(Saved data entries)

----------------

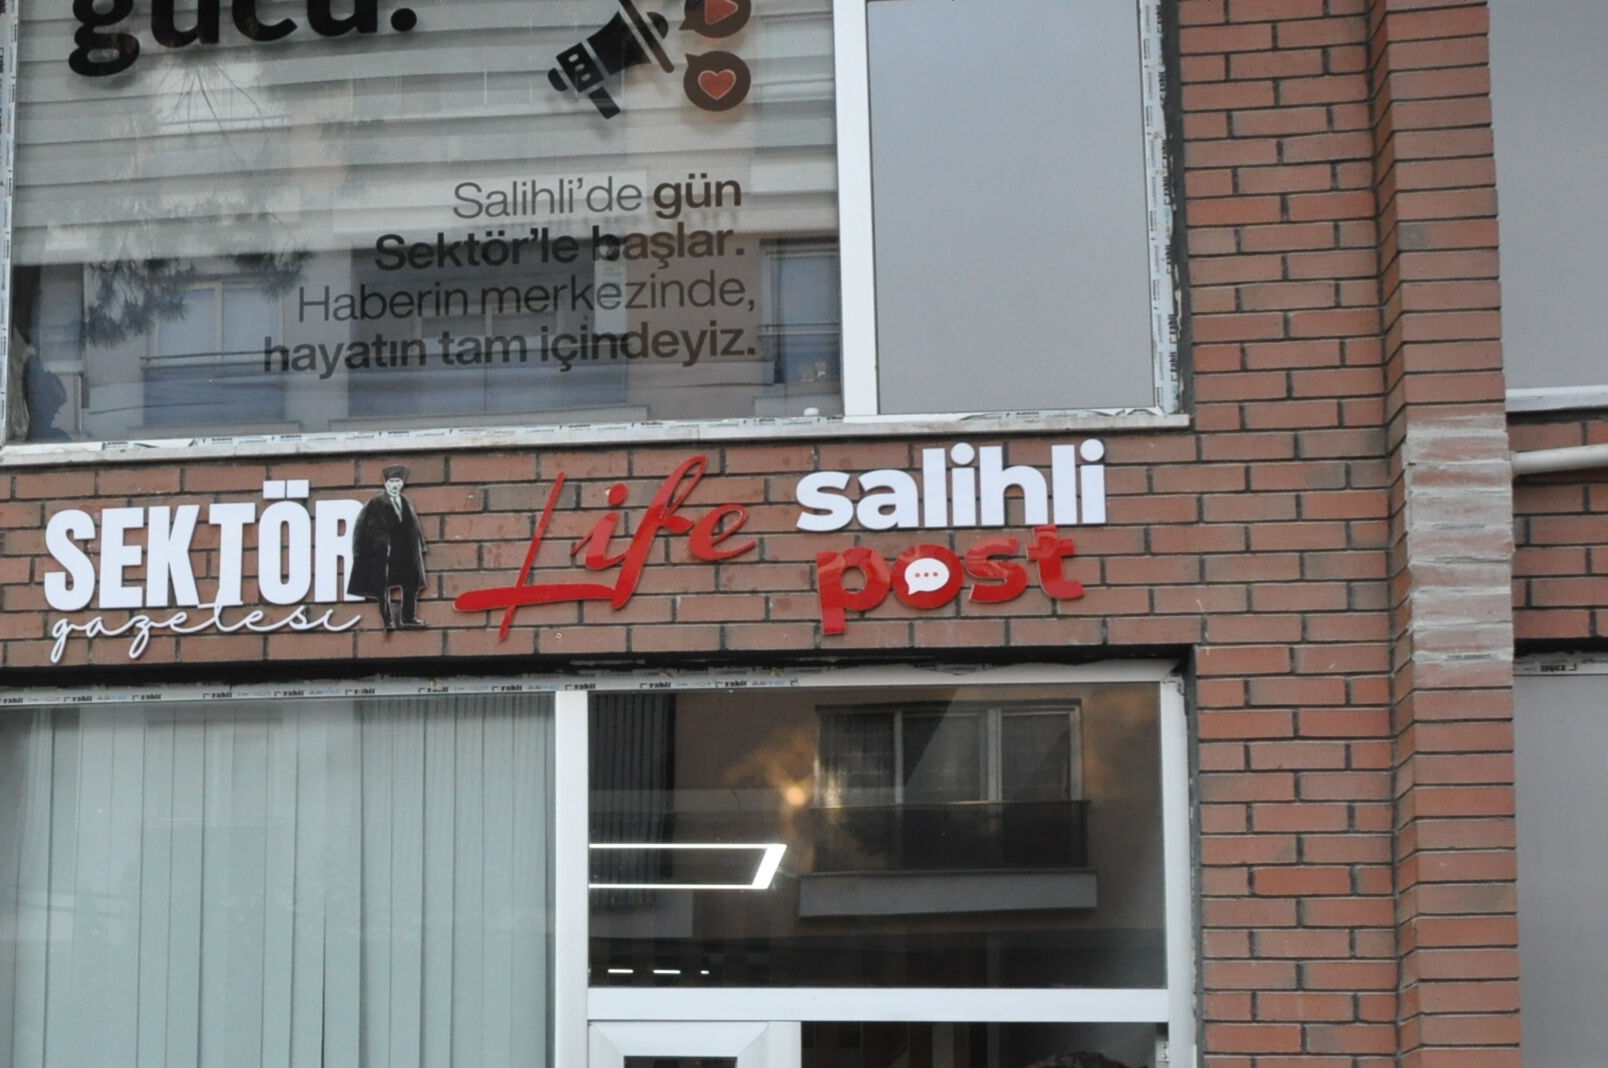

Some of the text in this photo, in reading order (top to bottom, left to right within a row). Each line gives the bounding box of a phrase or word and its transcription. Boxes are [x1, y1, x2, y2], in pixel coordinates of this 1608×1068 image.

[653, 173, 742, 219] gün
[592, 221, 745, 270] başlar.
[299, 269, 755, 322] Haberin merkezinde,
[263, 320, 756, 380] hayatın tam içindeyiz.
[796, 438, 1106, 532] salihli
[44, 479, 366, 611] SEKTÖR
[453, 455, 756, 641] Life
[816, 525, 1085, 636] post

----------------

*WHAT YOU SHOULD DO*.
A word-for-word copy of the entries above is needed, with every picture dropped.

*SOLVED EXERCISE*.
Some of the text in this photo, in reading order (top to bottom, left to right within a row). Each line gives the bounding box of a phrase or word and its transcription. Boxes are [x1, y1, x2, y2], in pixel coordinates of this 1608×1068 image.

[653, 173, 742, 219] gün
[592, 221, 745, 270] başlar.
[299, 269, 755, 322] Haberin merkezinde,
[263, 320, 756, 380] hayatın tam içindeyiz.
[796, 438, 1106, 532] salihli
[44, 479, 366, 611] SEKTÖR
[453, 455, 756, 641] Life
[816, 525, 1085, 636] post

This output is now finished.